*Assignment*: Could you return each entry below exactly as written, minus any pictures?

(Stored items)

>>>

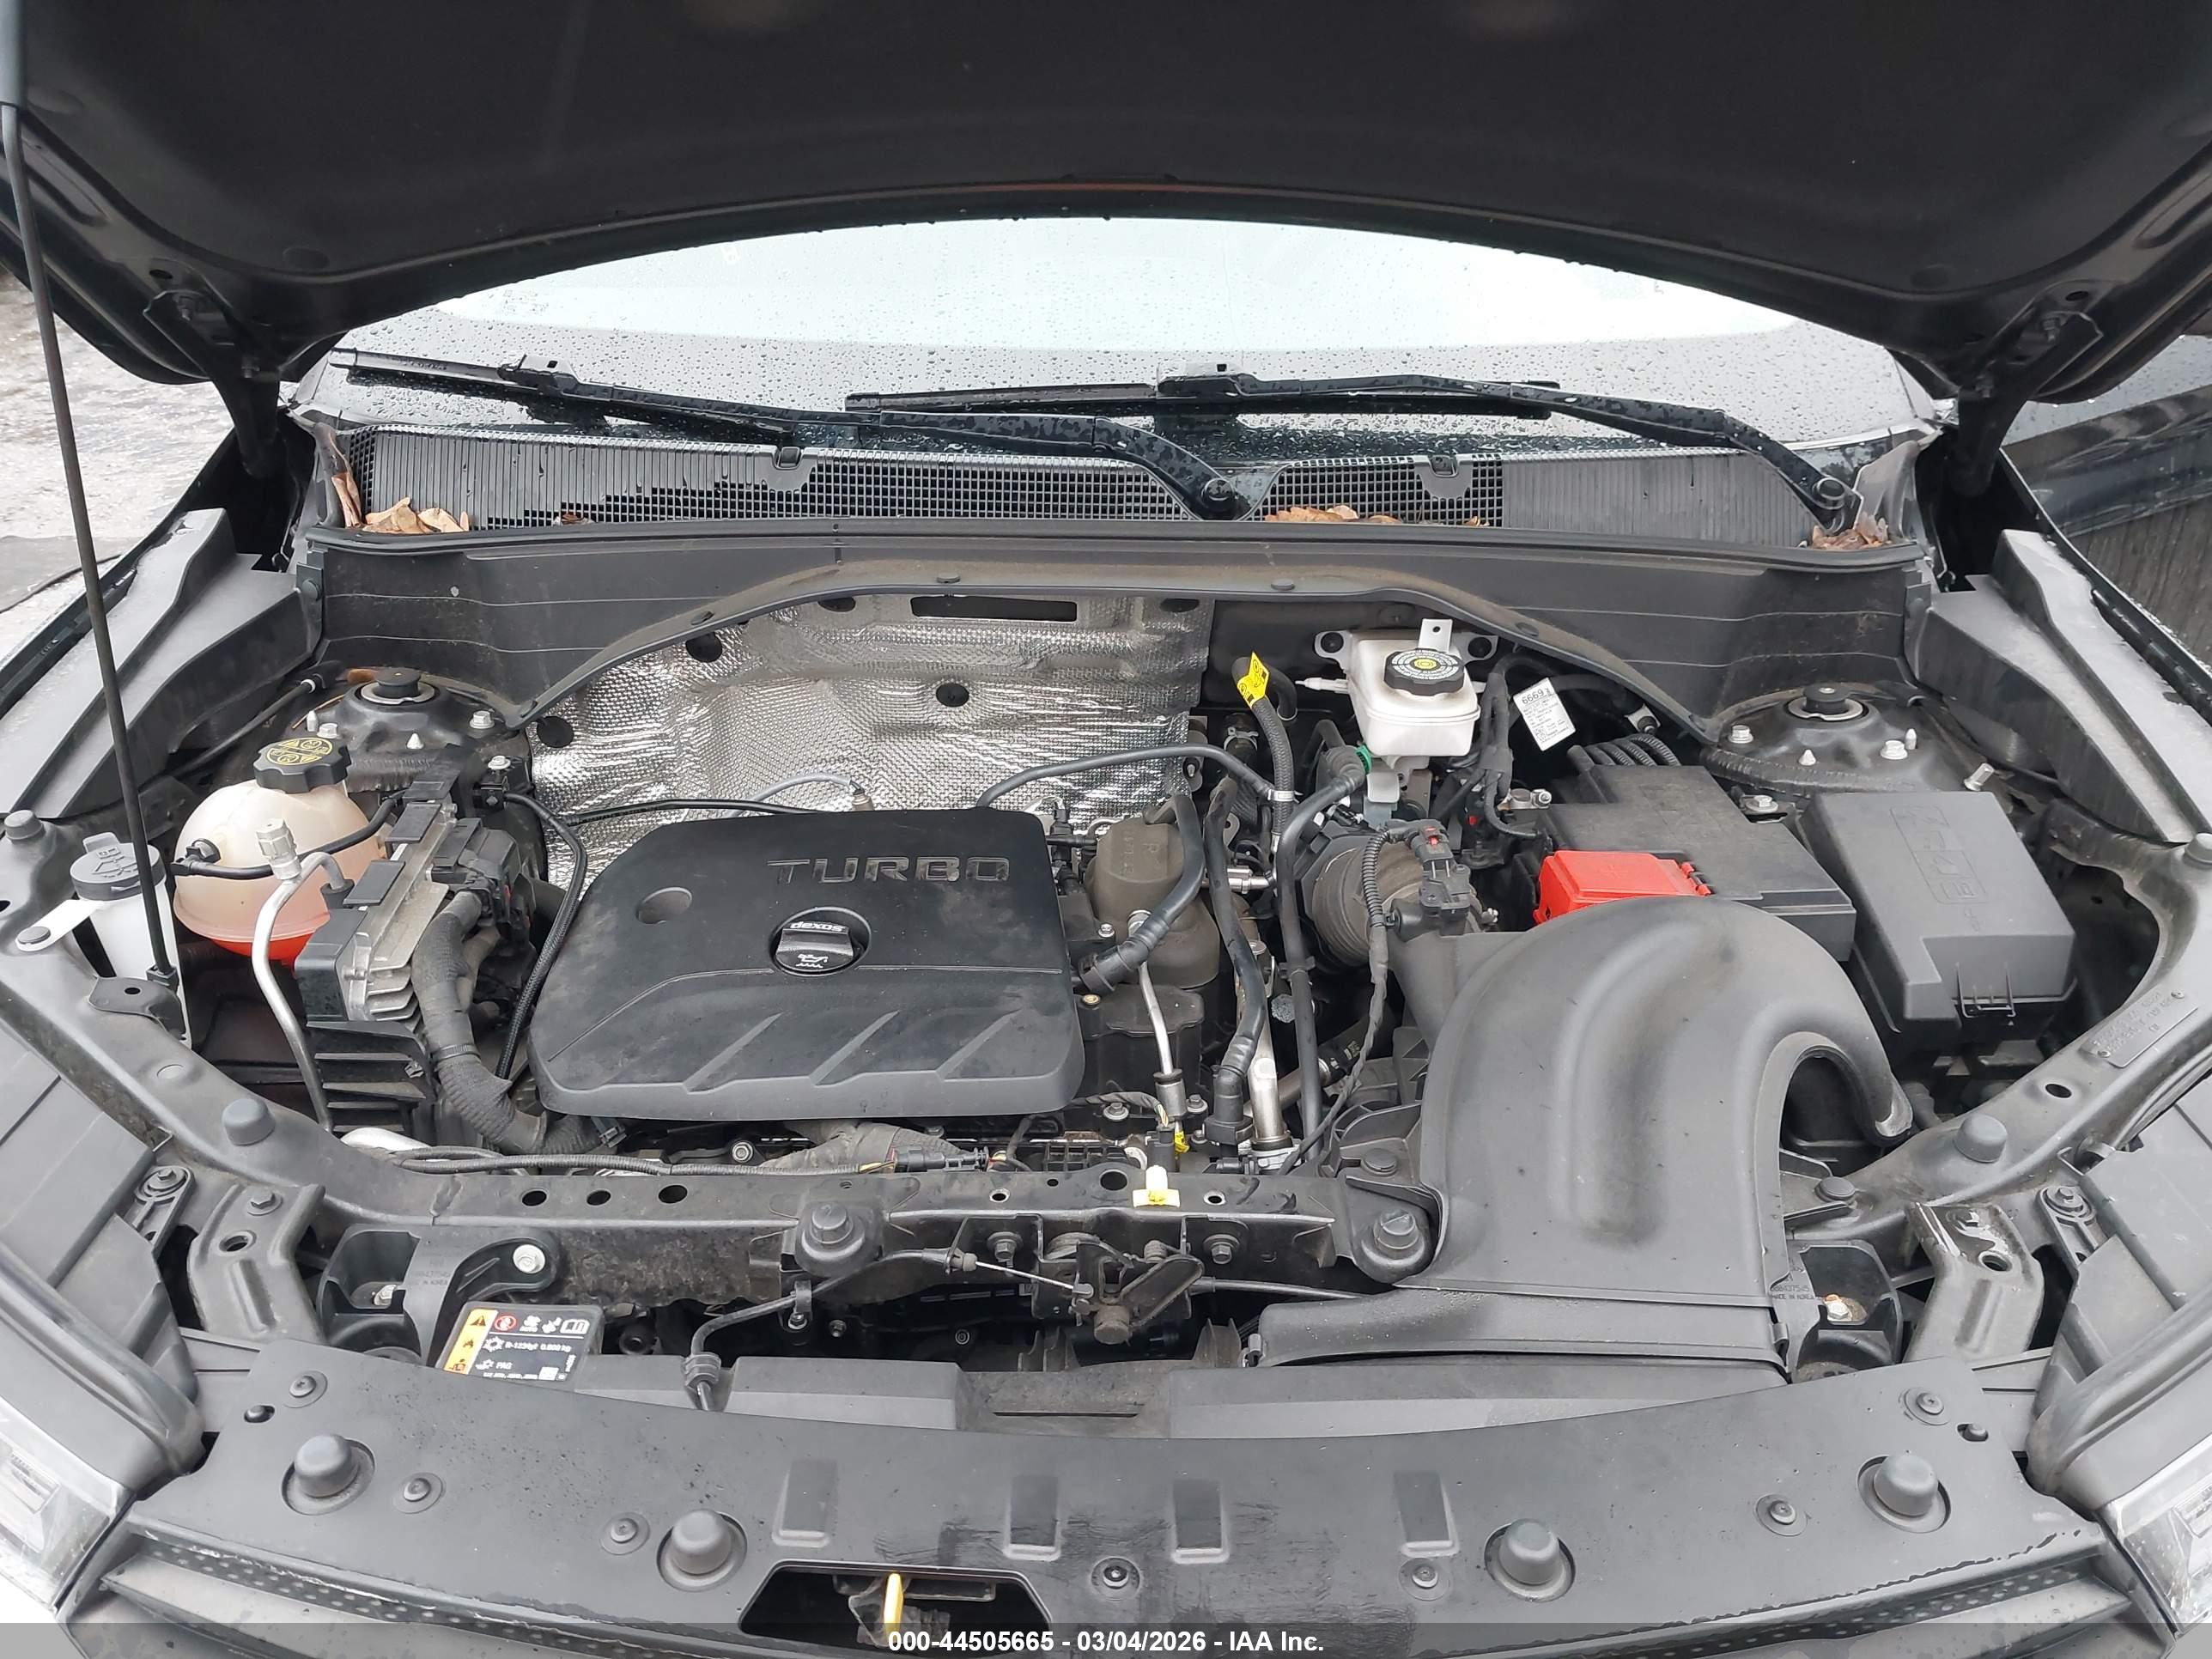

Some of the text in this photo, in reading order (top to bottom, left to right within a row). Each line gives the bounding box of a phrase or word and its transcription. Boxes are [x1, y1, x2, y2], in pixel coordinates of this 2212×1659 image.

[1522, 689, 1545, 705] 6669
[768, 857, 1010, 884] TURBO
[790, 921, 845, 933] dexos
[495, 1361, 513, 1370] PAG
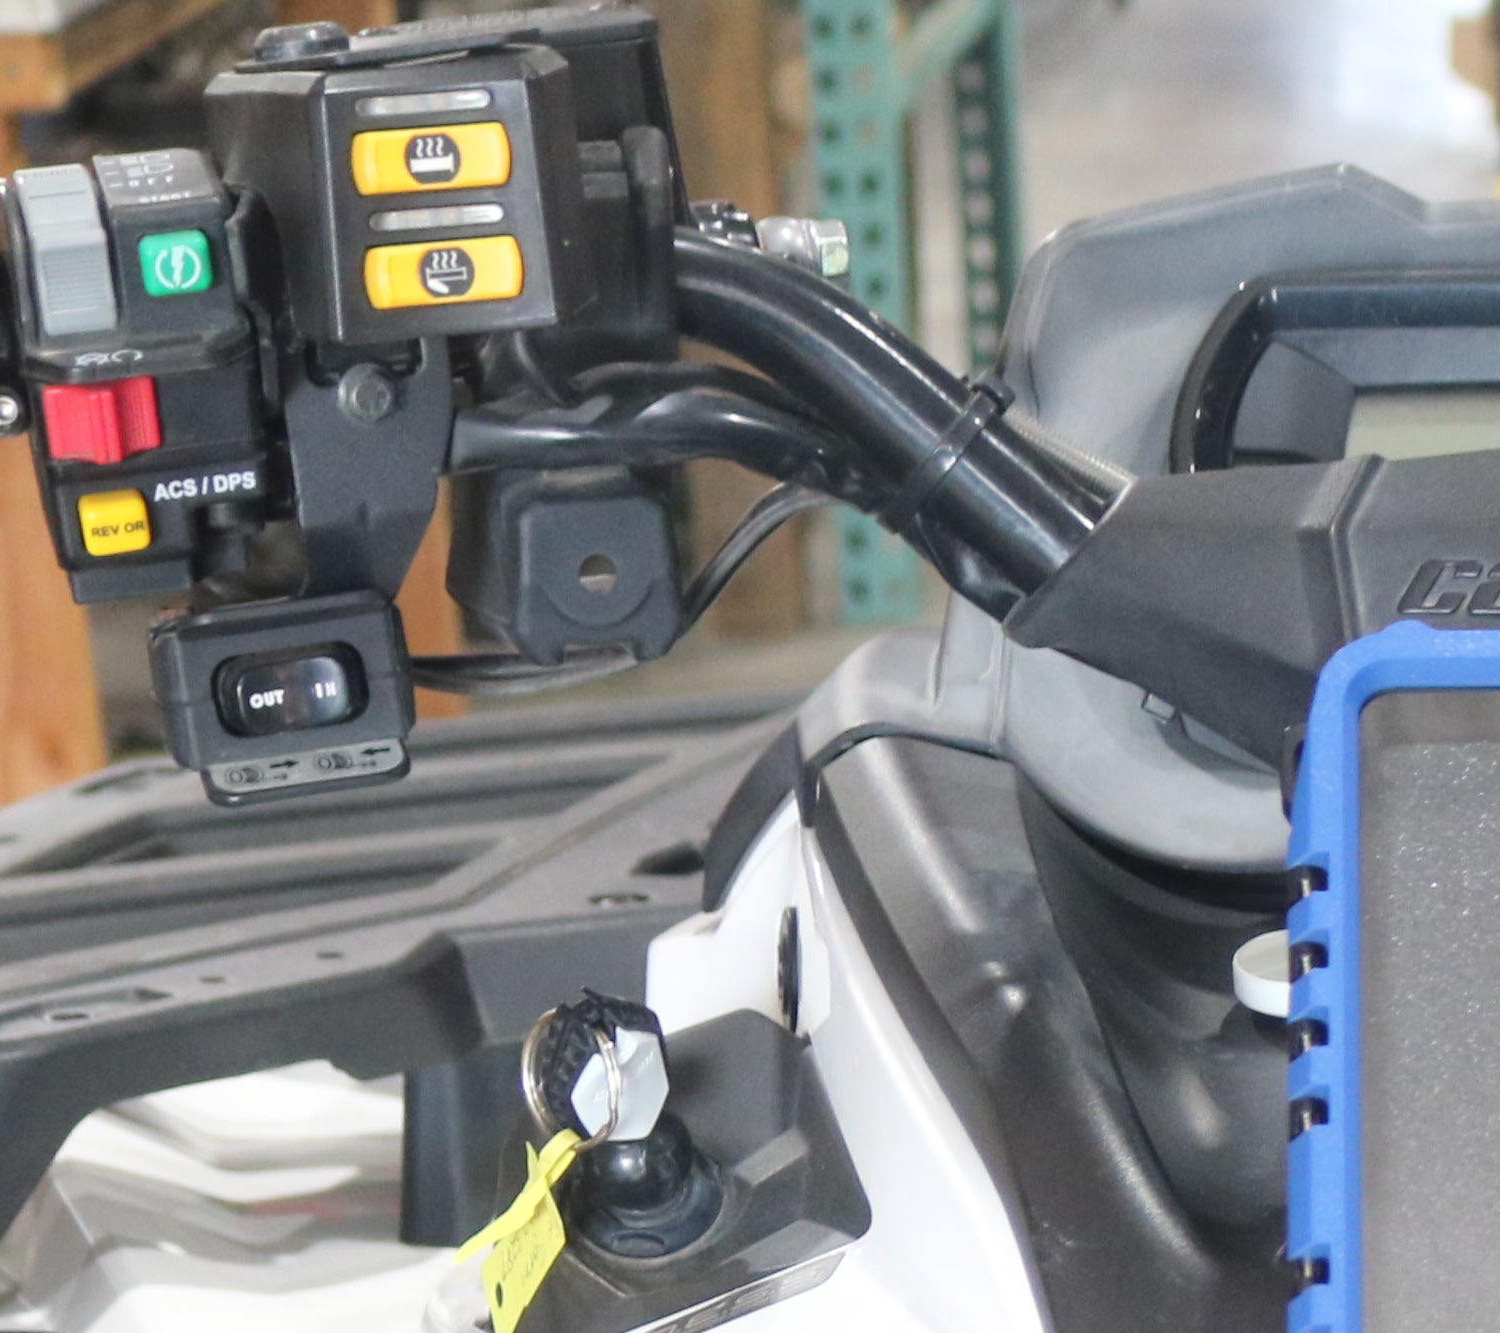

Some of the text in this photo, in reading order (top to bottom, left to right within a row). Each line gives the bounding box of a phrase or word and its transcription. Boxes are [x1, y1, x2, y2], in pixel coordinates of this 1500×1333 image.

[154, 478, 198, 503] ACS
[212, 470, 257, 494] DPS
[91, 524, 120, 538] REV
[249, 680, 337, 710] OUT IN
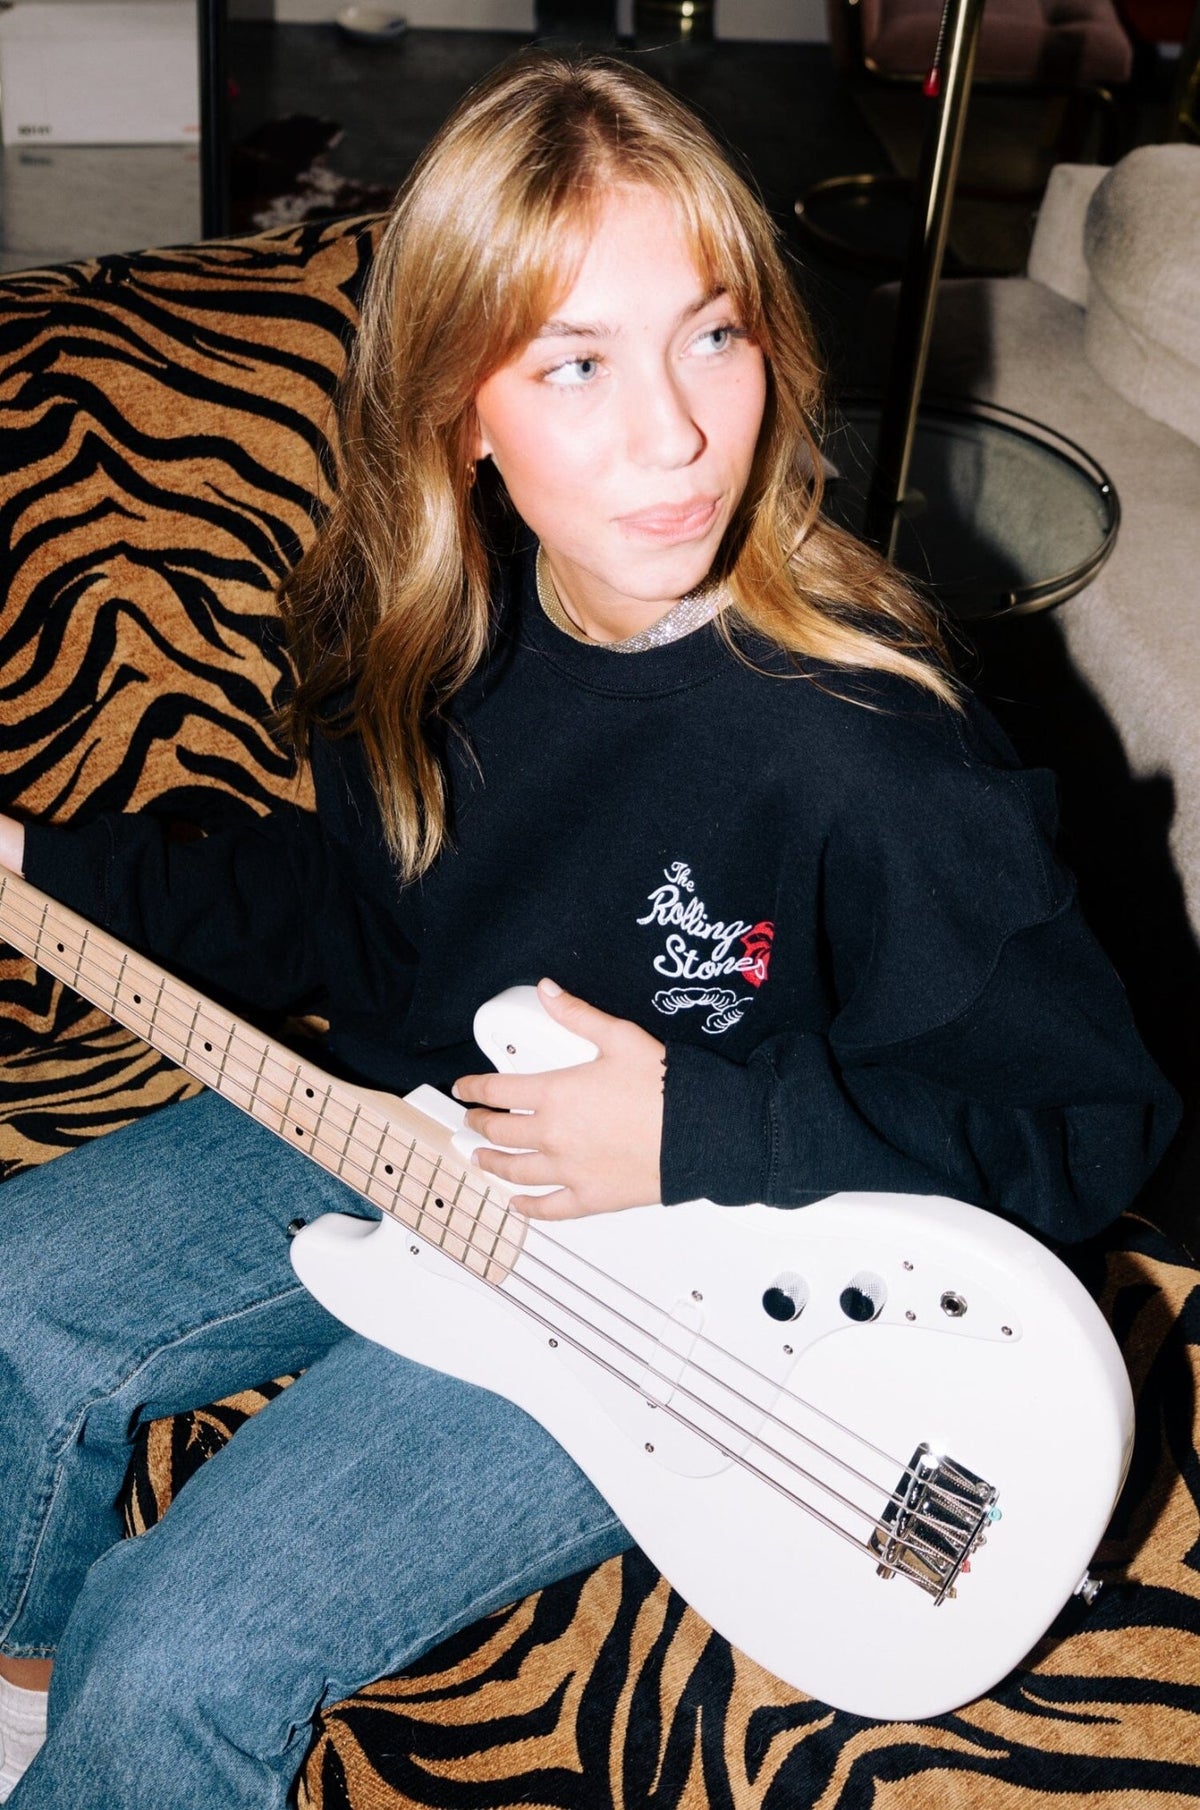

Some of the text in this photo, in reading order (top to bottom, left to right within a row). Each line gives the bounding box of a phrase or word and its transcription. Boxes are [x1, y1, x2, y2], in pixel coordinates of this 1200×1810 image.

<<<

*Answer space*:
Some of the text in this photo, in reading order (top to bottom, left to right within a row). Each line gives the bounding box of a phrase or word and its transcription. Boxes are [x1, y1, x2, y2], in pixel coordinates of this 2212×1659 image.

[1522, 689, 1545, 705] 6669
[768, 857, 1010, 884] TURBO
[790, 921, 845, 933] dexos
[495, 1361, 513, 1370] PAG

Some of the text in this photo, in reading order (top to bottom, left to right within a row). Each line gives the bounding box of a phrase or word and its transcription. Boxes are [x1, y1, x2, y2], in pixel coordinates of this 1500×1333 image.

[154, 478, 198, 503] ACS
[212, 470, 257, 494] DPS
[91, 524, 120, 538] REV
[249, 680, 337, 710] OUT IN

Some of the text in this photo, in reading order (top to bottom, left to right within a row). Each line gives the bounding box of a phrase or word and its transcription. Boxes are [x1, y1, x2, y2], in pixel coordinates of this 1200×1810 image.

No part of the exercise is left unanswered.